A primeira vista, os três temas elencados como título deste texto causam uma
certa apreensão, eis que poder-se-ia indagar que ligação haveria entre a
lei que estabelece normas gerais sobre o desporto, o Caso Bosman
(o que é o Caso Bosman?) e o Mercosul. Para
interligarmos as mesmas, no escopo de tornar mais compreensíveis as idéias
perfilhadas nestas linhas, cumpre que façamos uma análise em separado de cada
um dos temas propostos para que ao final possamos conjugá-los e chegarmos a um
ponto comum.

O Caso Bosman

O chamado caso Bosman,
de grande repercussão na seara futebolística européia, principalmente no que
tange aos países comunitários, teve como seu protagonista o jogador de futebol Jean-Marc Bosman, de
nacionalidade belga. Este jogava desde 1988 pelo Royal Club Liégeois SA (RCL), clube da primeira divisão
daquele país, tendo um contrato que se expirava em 30 de junho de 1990 e que
lhe garantia um renda mensal de 120.000 BFR. Em 21 de
abril de 1990, o RCL propôs ao citado jogador um renovação
contratual por mais uma temporada. Todavia, a proposta apresentada reduzia o
salário percebido por Bosman, que agora seria de
30.000 BFR. Não concordando com a proposta apresentada pelo clube belga, Bosman foi inscrito na lista de transferências, tendo sido
fixado o valor de 11.743.000 francos belgas (BFR) como quantia a ser paga pelo
clube interessado em adquirir o “passe” do jogador.

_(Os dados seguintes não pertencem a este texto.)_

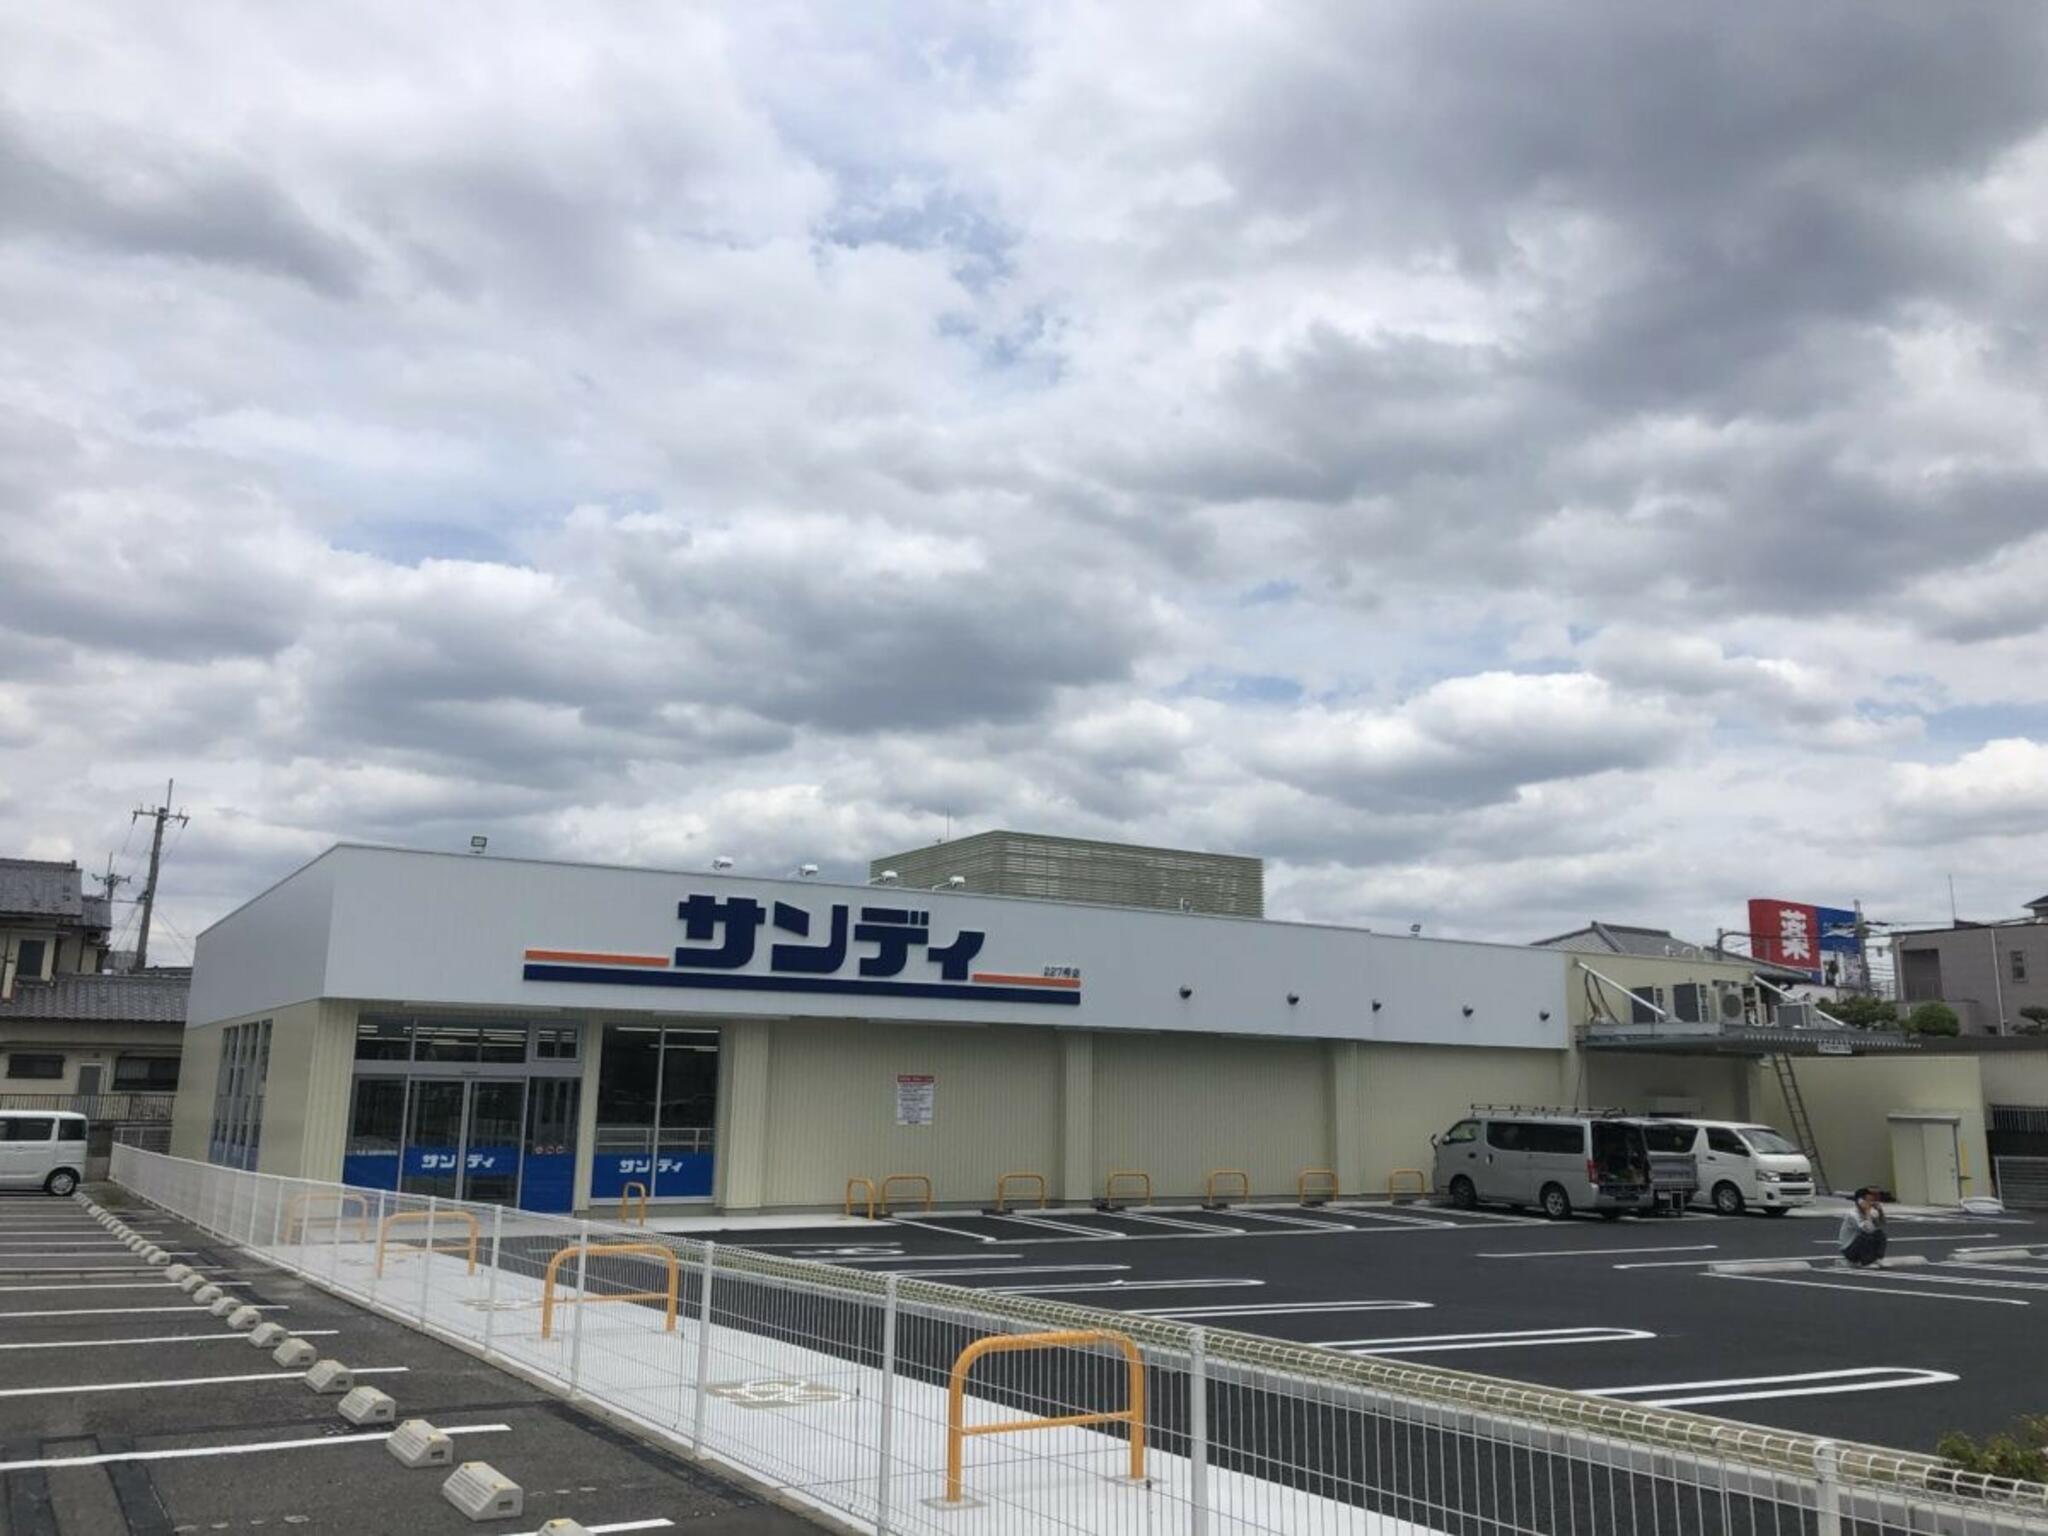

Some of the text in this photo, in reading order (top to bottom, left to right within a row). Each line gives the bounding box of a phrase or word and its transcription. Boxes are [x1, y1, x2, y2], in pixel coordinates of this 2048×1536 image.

Como não houve o interesse de nenhum
clube em pagar o valor estipulado para a transferência de Bosman,
este estabeleceu contatos com o clube francês Dunquerque,
da segunda divisão daquele país, tendo fechado um contrato que lhe garantiria
um saldo mensal de 100.000 BFR, mais uma “prima de contratación”
de 900.000 BFR.

Em 27 de julho celebrou-se também um
contrato de entre o clube belga RCL e o clube francês Dunquerque
no qual estipulava-se a transferência temporal, pelo
prazo de 1 ano, mediante o pagamento por este último clube de uma compensação
de 1.200.000 BFR que seriam exigíveis quando da recepção pela federação francesa
de futebol do certificado de transferência expedido pela federação belga. No
mesmo contrato concedia-se ao Dunquerque a opção de
adquirir definitivamente o vínculo do jogador mediante o pagamento de 4.800.000
BFR.

Como não houve a expedição do citado
certificado de transferência, e por duvidar da capacidade financeira do Dunquerque, os contratos acabaram tornando-se sem efeito.
Destarte, em 31 de julho de 1990, o RCL suspendeu Bosman,
impedindo-lhe de jogar aquela temporada. Por tal razão, o jogador ingressou, em
8 de agosto de 1990, com uma ação junto a um Tribunal de 1ª Instância de Liège, contra o RCL, requerendo, dentro outros pleitos, que
os demandados ficassem proibidos de obstacularizar a
sua liberdade de contratação.

Durante o trâmite processual, outras
organizações, tais como FIFA e UEFA, passaram a integrar a demanda. Desta
maneira, o Tribunal de 1ª instância de Liège, em 11
de unho de 1992, declarou a admissibilidade das ações propostas por Bosman contra a RCL, a URBSFA e a UEFA, determinado a
inaplicabilidade  das normas relativas à
transferências e às cláusulas de nacionalidade, sancionando o comportamento
destas três organizações.

Por conseguinte, por conta das questões
prejudiciais suscitadas, formulou-se ao Tribunal de
Justiça da Comunidade Européia duas indagações, das quais citamos tão somente a
primeira, eis que a segunda foge ao escopo do tema proposto. Assim, indagou o
Tribunal belga: “Os artigos 48, 85 e 86 do Tratado de Roma de 25 de Março de
1957 devem ser interpretados no sentido de que proíbem: a) que um clube de
futebol exija e receba o pagamento de um montante em dinheiro pela contratação,
por um novo clube empregador, de um dos seus jogadores cujo contrato tenha
chegado ao seu termo?”.

A primeira questão posta à exame pelo Tribunal de Justiça, refere-se a possibilidade
de que o art. 48 do Tratado se oponha a aplicação das normas adotadas por
associações desportivas quando da transferência de jogadores, as quais
fundamentam-se na necessidade de uma compensação financeira caso um clube de um
Estado membro queira contratar os serviços de um jogador profissional de
futebol de outro Estado membro, quando do término do contrato deste,
compensação esta chamada de formación o promoción.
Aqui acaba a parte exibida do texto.